Federation-ready Nodes identified by DNS domain. Records flow between nodes via import, fork, and mirror — preserving provenance. |
You don't need to clone this repo to run an OSA archive. The Python SDK (osa-py) ships the whole stack — Postgres, server, and a docker-socket-proxy, brought up with one command.
pip install osa-py
osa init my-archive
cd my-archive
osa startosa start spins up the stack via Docker Compose and mints a SUPERADMIN dev token so the CLI is authenticated immediately.
Define a convention in Python (schema + validation hooks + ingester), then:
osa deploy # build hook images, register the convention
osa ingestion start # pull records via the ingesterThe full SDK reference — schemas, hooks, ingesters, the osa test end-to-end harness, and the convention manifest — lives in the osa-py README.
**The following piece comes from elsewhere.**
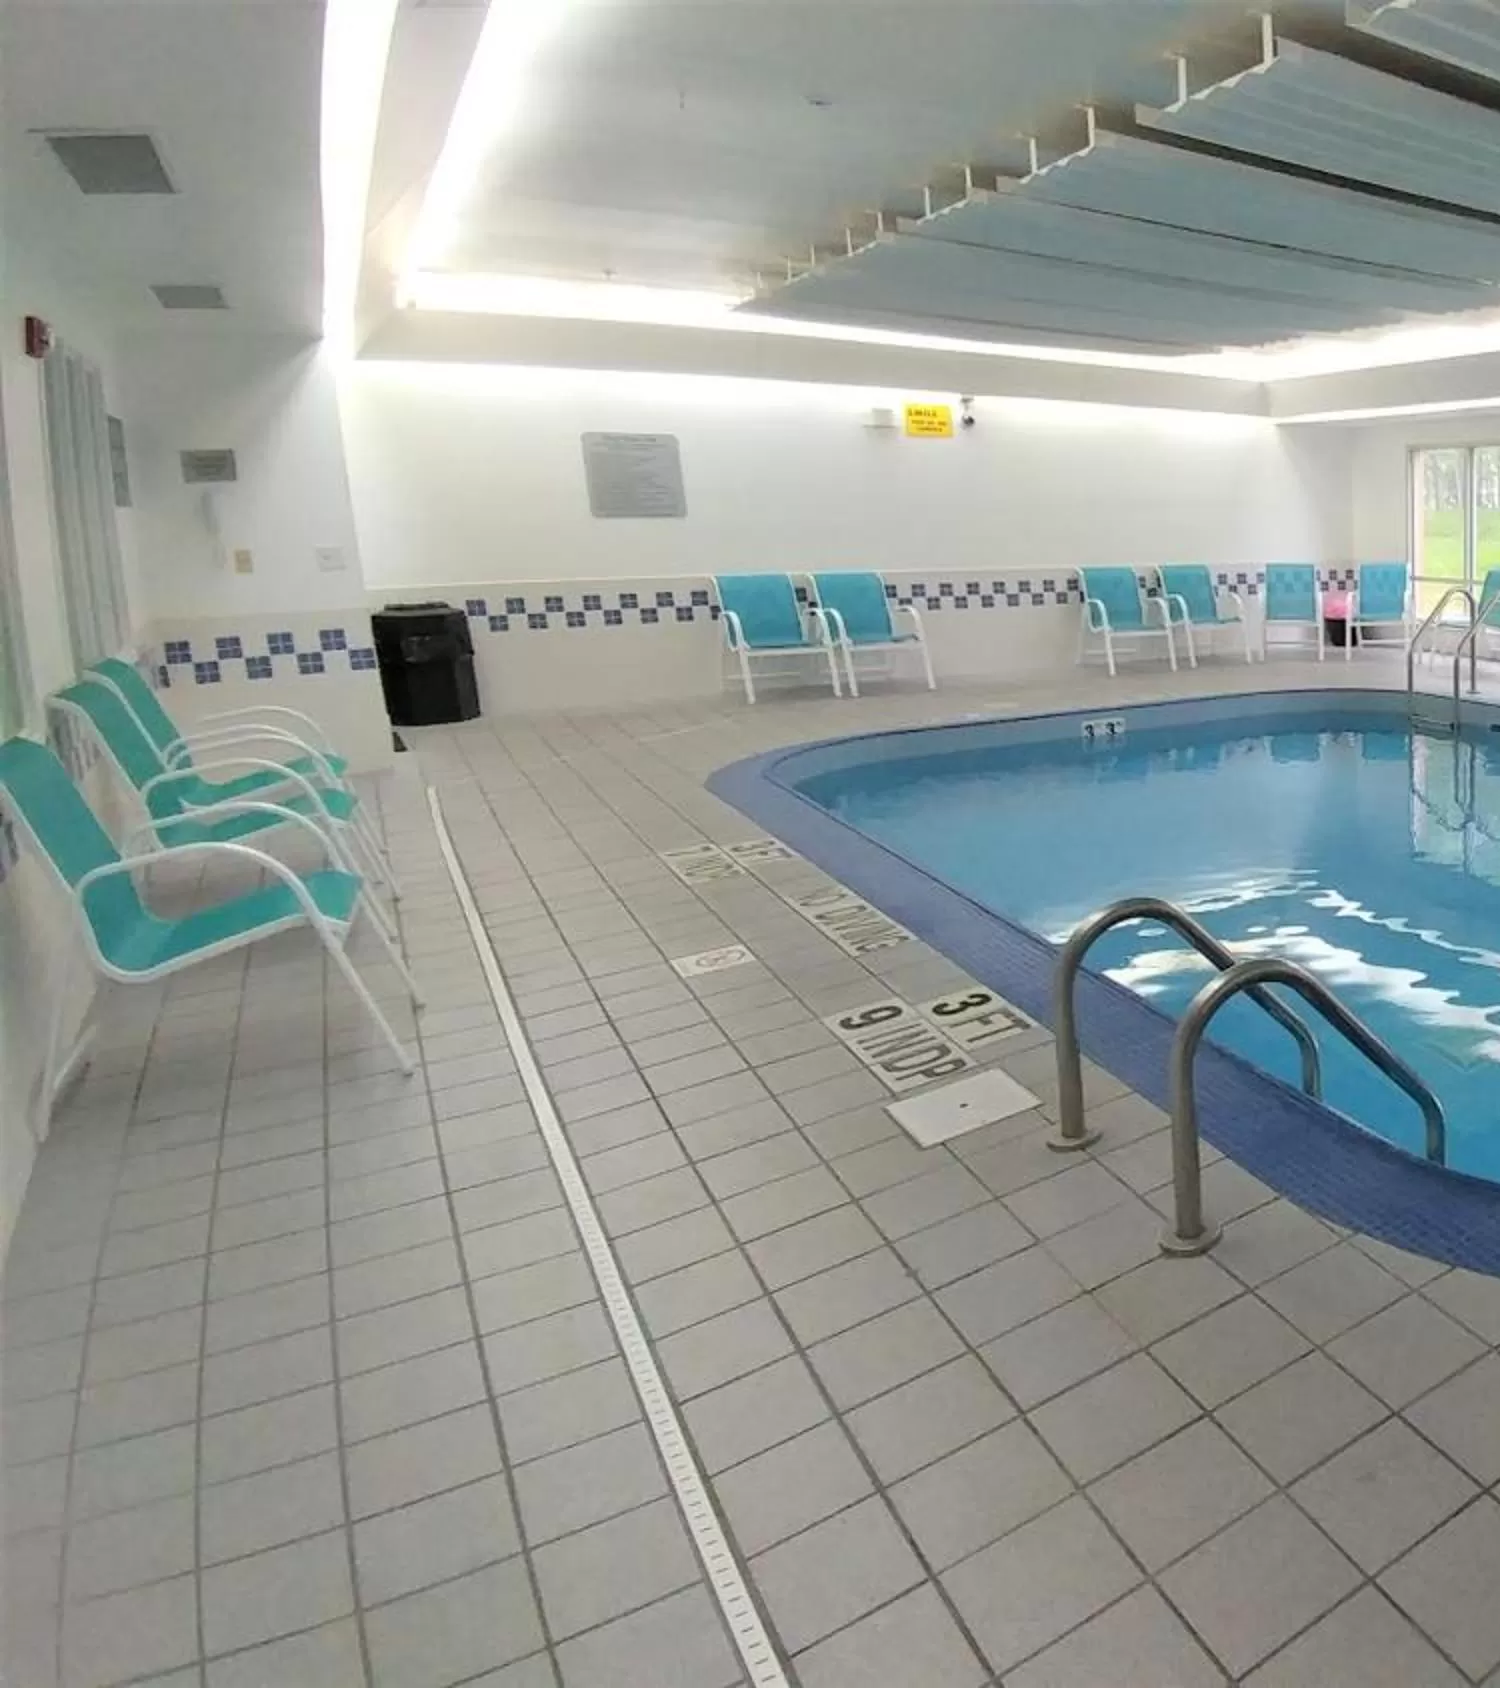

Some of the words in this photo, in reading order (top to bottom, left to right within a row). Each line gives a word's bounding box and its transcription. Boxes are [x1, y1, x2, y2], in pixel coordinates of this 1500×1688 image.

[932, 993, 992, 1017] 3
[839, 1006, 903, 1030] 9
[950, 1009, 1033, 1043] FT
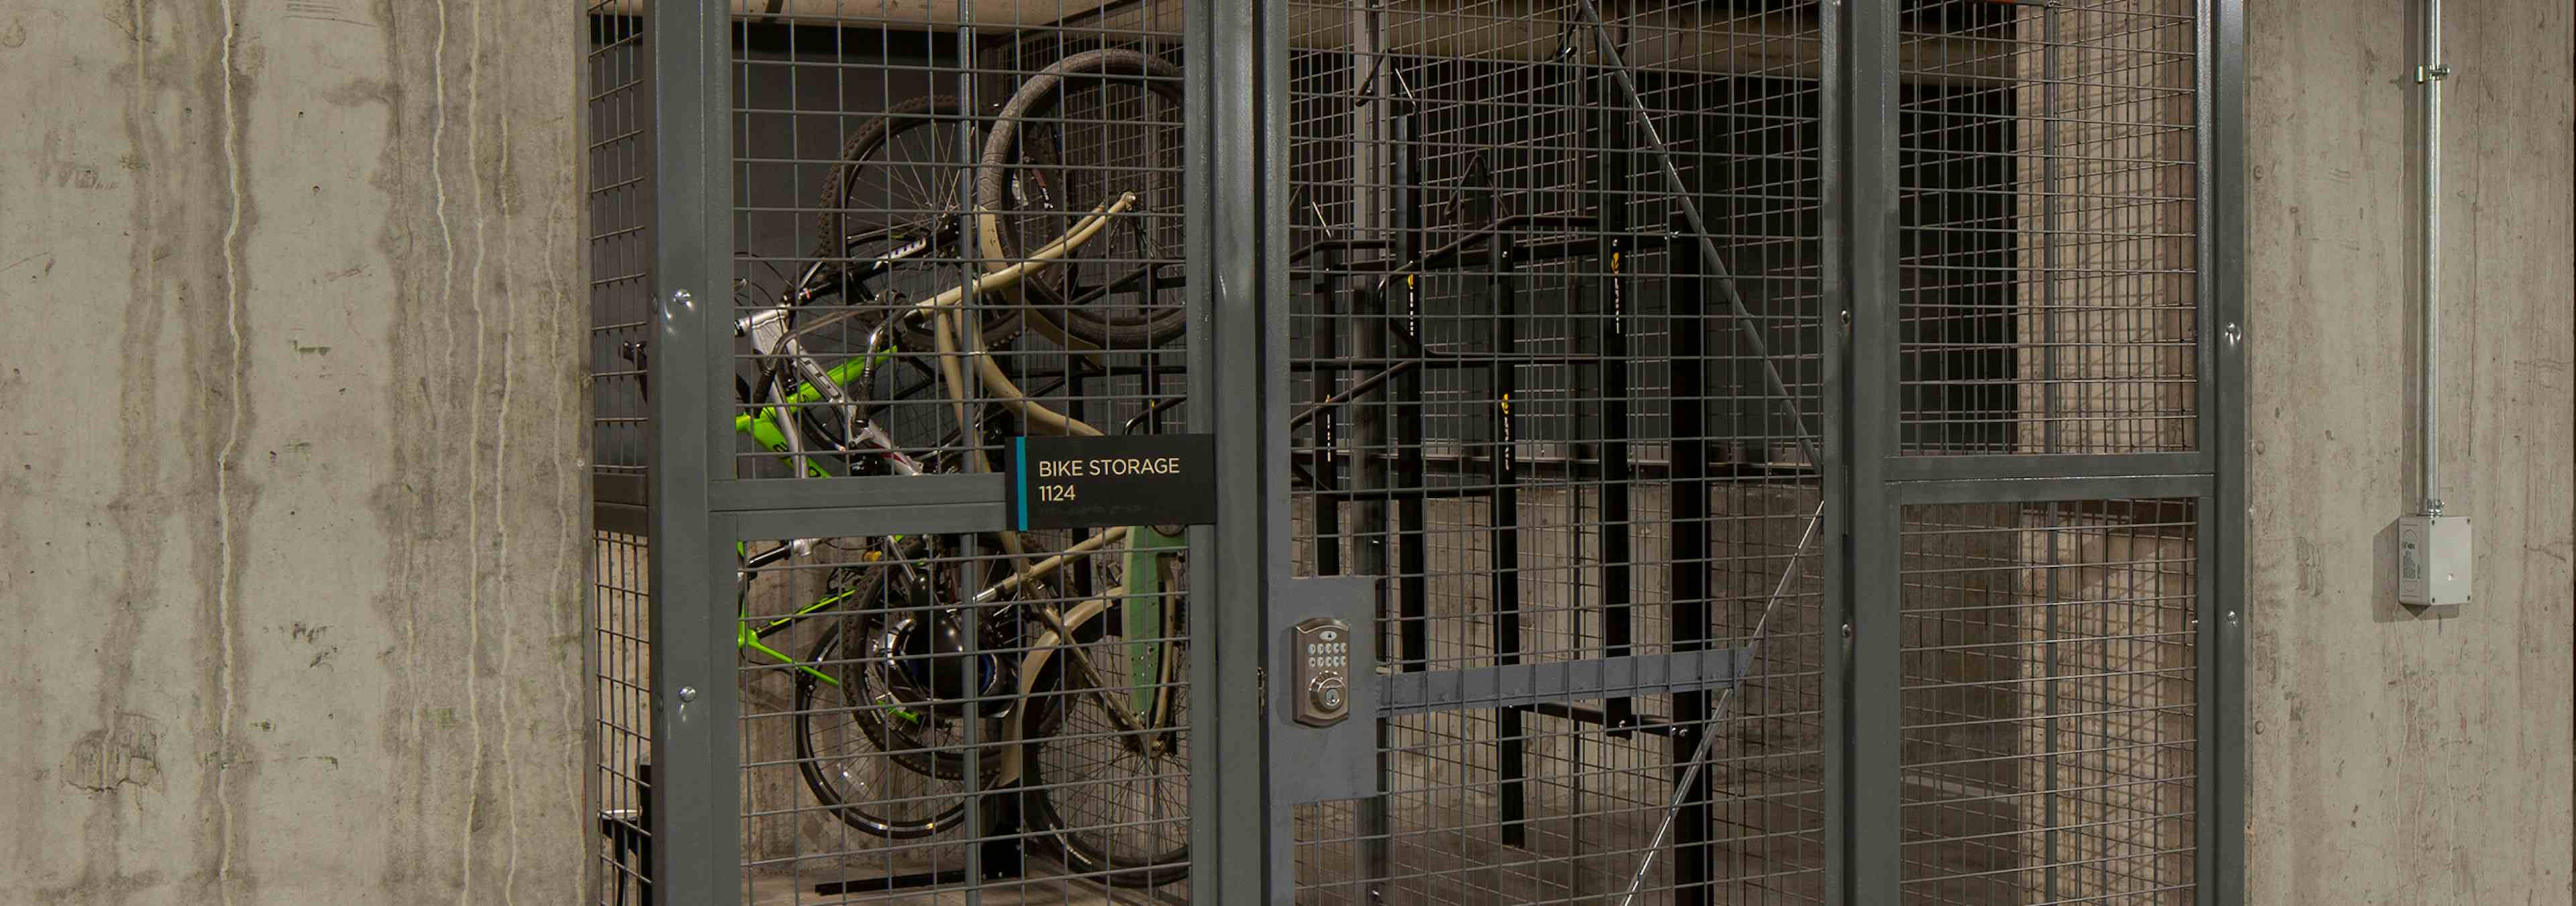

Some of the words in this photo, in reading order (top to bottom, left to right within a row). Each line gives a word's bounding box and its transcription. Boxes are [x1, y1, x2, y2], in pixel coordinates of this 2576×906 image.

Working on the server itself:
git clone https://github.com/opensciencearchive/server.git
cd server
just dev # Postgres + server + web with hot-reloadRun tests: cd server && just test. Lint + type check: just lint.
osa/
├── server/ # Python backend (FastAPI)
│ ├── osa/
│ │ ├── domain/ # DDD bounded contexts
│ │ ├── application/ # API routes, DI wiring
│ │ └── infrastructure/ # Adapters (DB, K8s, S3)
│ ├── tests/ # Unit + integration tests
│ ├── migrations/ # Alembic migrations
│ └── sources/ # Data source plugins
├── web/ # Next.js frontend
│ └── src/ # React components, pages
└── deploy/ # Docker Compose orchestration
Deposition ─→ Validation ─→ Curation ─→ Record ─→ Search & Export
draft OCI hooks approve/ immutable indexed,
metadata structured reject versioned exportable
+ files checks published
OSA is in early development. The local-dev story is in good shape — osa start brings up a fully-authenticated stack with no config. The core write path (deposition through record publication) and the query layer (filtered search over records and feature tables) are both functional. Export, federation, and the web UI are still in progress.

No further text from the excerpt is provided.